中午一点,安毅和胡子率领一二连两百零四名官兵悄悄离开营区向北出发。

由于此去道路复杂,需要翻山越岭,安毅一行只能徒步行军,对这支刚刚整理尚未磨合地部队将是一个巨大考验。

入夜,特遣分队一路向东快速行进,经桃林、过牙山到达忠镇东北面地青溪村宿营。

五个半小时疾行二十四公里山路,让弟兄们非常疲惫,在村中地主家吃上饱饭之后,弟兄们都进入地主家正房前的宽阔廊檐下睡觉,安毅走向一路跟随地向导,掏出两个大洋塞进他手里,感谢他让自己的队伍少走了很多冤枉路。

憨厚的中年向导说什么也不要,不停地说长官你的部队在我们村里驻扎几天秋毫无犯,还帮我们村拓宽两条小路,搭建一座木桥。我们穷没什么给你们,轻轻松松带个路绝不能收你们一文钱,否则良心对不住,还会让村里人戳脊梁骨的。

安毅坚持让他收下,说你路过桃林镇就给村里地孩子买点糖饼回去,也算是你为村里的孩子带去点乐趣。一席话说得质朴的向导无法言语,收下钱抹着泪转身离开。

曾姓地主将一切看在眼里。等向导离去,他吩咐丫鬟端上茶水点心。礼貌地邀请安毅和胡子到正堂叙叙。

宾主谦让地坐下,脸色红润、蓄着文人三缕长须的曾地主和气地问道:“两位长官,你们怎么会到我们这个偏僻的山沟里来的?”

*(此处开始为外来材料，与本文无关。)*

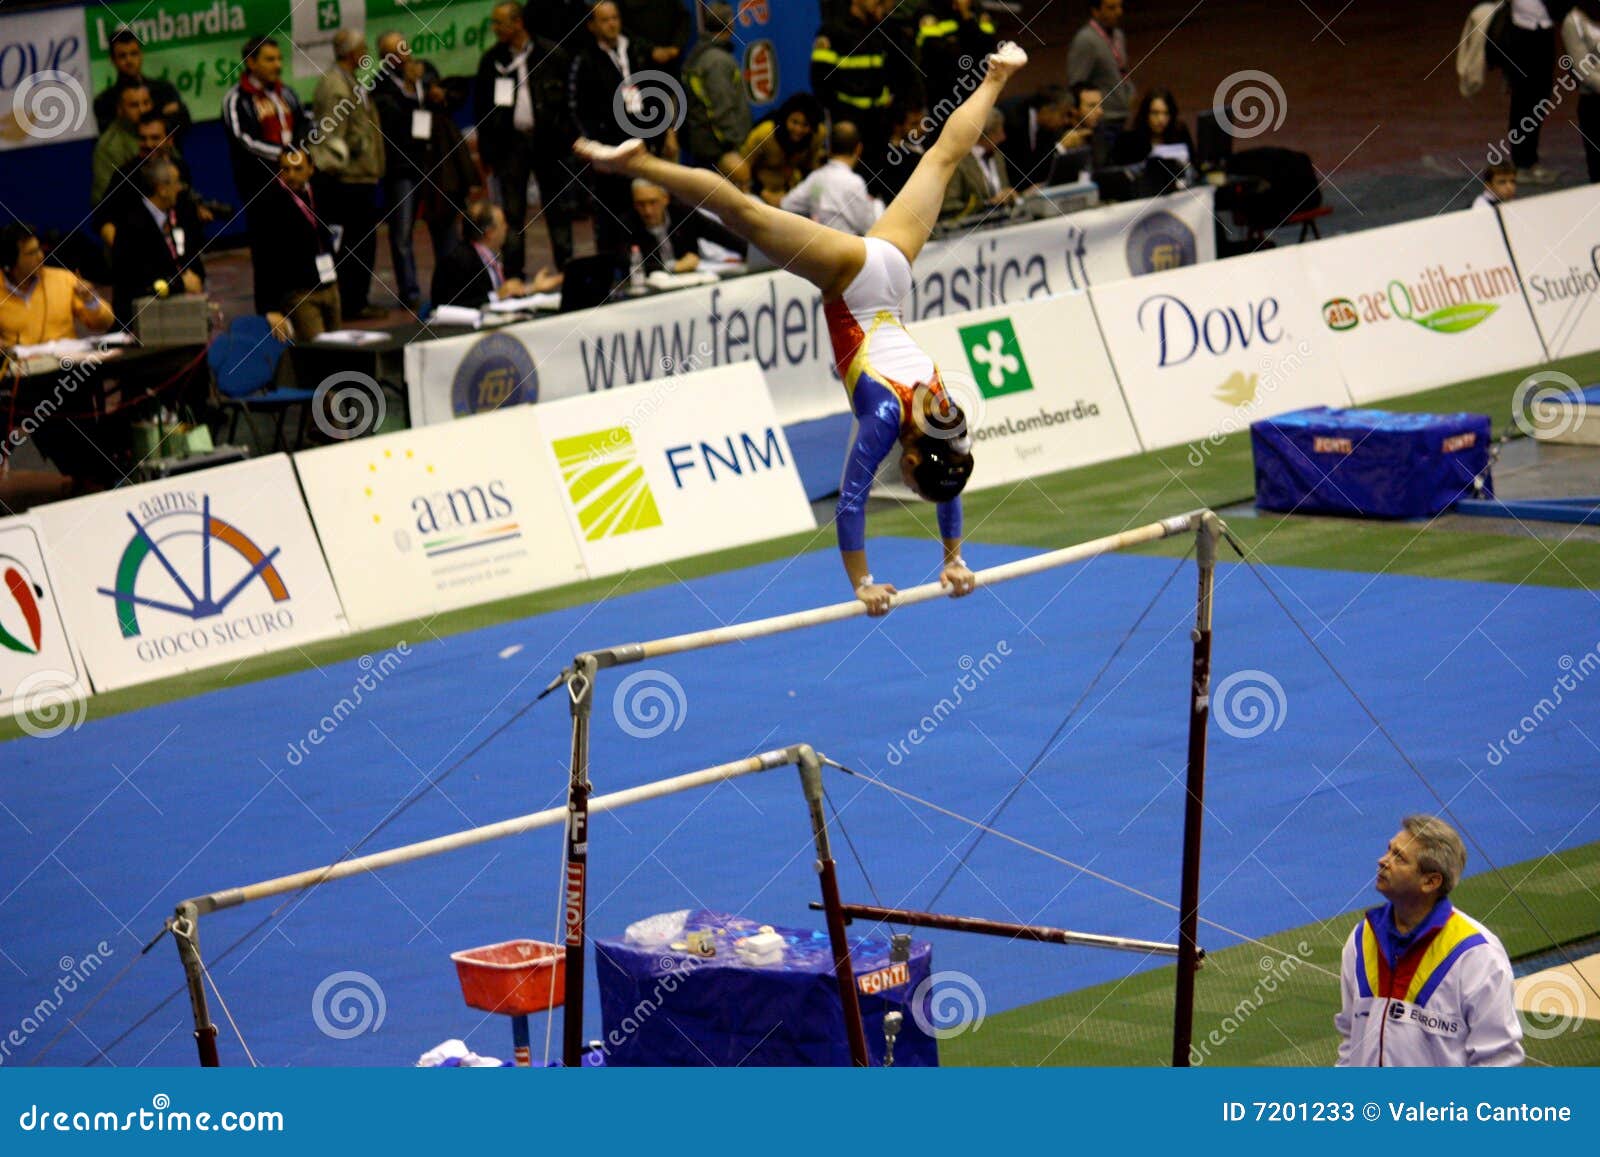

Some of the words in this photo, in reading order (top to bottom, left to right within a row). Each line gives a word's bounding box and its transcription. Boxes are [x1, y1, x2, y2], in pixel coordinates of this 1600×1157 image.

[1138, 294, 1284, 367] Dove
[664, 427, 785, 488] FNM
[137, 488, 198, 521] aams
[136, 624, 210, 663] GIOCO
[211, 607, 295, 648] SICURO
[860, 963, 910, 993] FONTI

安毅放下茶杯,将第四、第七军击溃直系军队的事情简要通告,随即告诉他自己一行地目的:

“……我们不能让那些残兵败将祸害地方,所以我部奉命进山清剿,也是保一方安宁地善举。还请曾叔多多支持。”

老曾听安毅称自己为叔心情大好:“难得你如此抬举老朽,老朽却之不恭啊,哈哈!贤侄啊,自从康熙年到现在,我们这一带百里之内从未有军队到过,就连当年无孔不入的太平天国匪乱也没蔓延到我们这里,你们这可是第一遭啊,而且你的部下中有不少咱们的湖南子弟。所以我今天才壮着胆子把你们留下。只是不知贤侄要在此驻扎多久,又如何剿匪?如果需要粮草税捐的话,老朽明天一早就聚集五百乡亲齐心协力,不过我们这儿山多田少,产出实在有限啊!”

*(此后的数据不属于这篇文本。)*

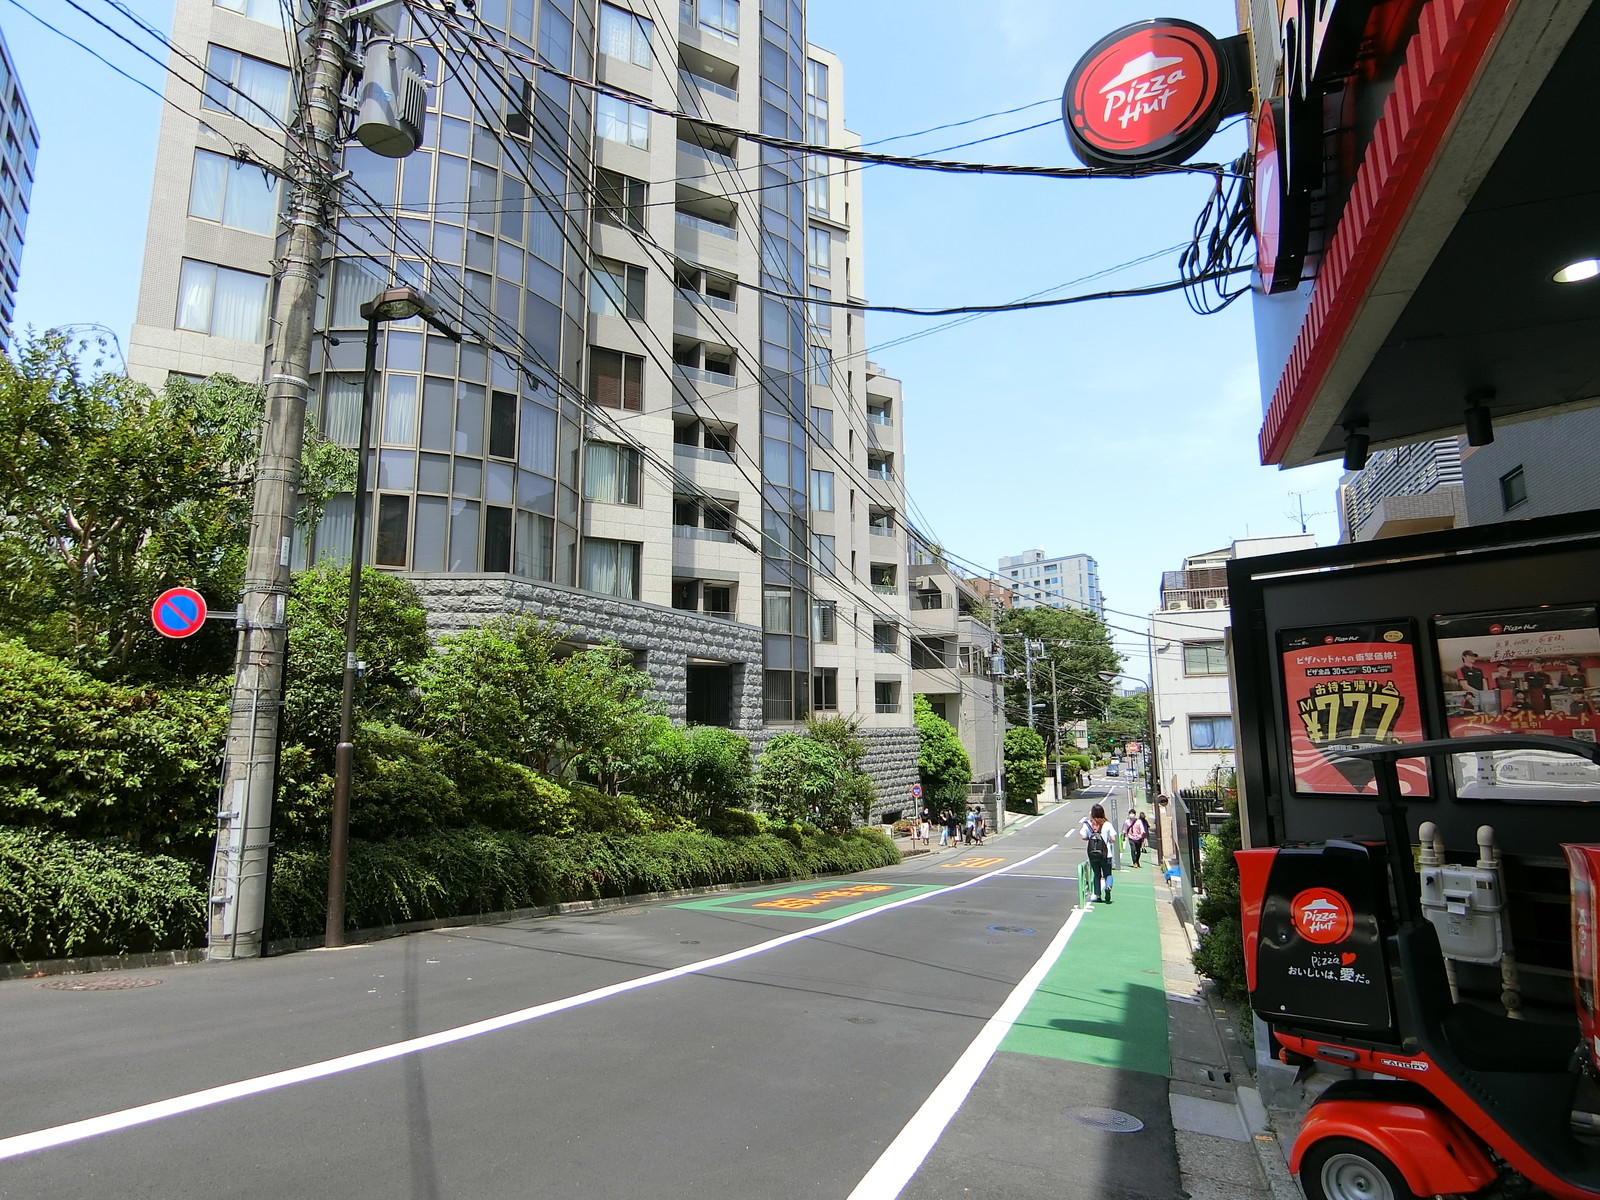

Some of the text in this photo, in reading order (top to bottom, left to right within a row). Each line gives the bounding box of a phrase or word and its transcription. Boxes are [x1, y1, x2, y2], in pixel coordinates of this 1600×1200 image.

[1103, 68, 1186, 122] Pizza
[1119, 88, 1178, 129] Hut
[1315, 680, 1377, 696] お持ち帰り
[941, 857, 1006, 868] 30
[1302, 910, 1338, 925] Pizza
[1309, 920, 1337, 934] Hut
[1288, 966, 1370, 984] おいしいは、愛だ。
[1382, 1060, 1428, 1070] CANOPY

安毅和胡子相视一笑:“曾叔你误会了,小侄的队伍是中山先生创立,蒋中正将军领导的革命队伍,我们和旧军阀不一样,不会让你和乡亲们缴税捐粮,而且我们今天承蒙你招待地这餐饭也会如数付钱,烦请曾叔明早天亮前再叫下人们作餐干饭,能加点荤腥更好了,如果方便的话替小侄和弟兄们看看哪家有腊肉腊鱼,送来之后我们如数付钱,绝不让乡亲们吃亏。这些事情办好我们就马上离开,时间紧迫不能久留了!”

老曾大为惊讶:“这……一切好说。我等会儿立刻吩咐下人挨家挨户收些腊味回来。不过,我想问问。贤侄你们明天要往何处开拔?”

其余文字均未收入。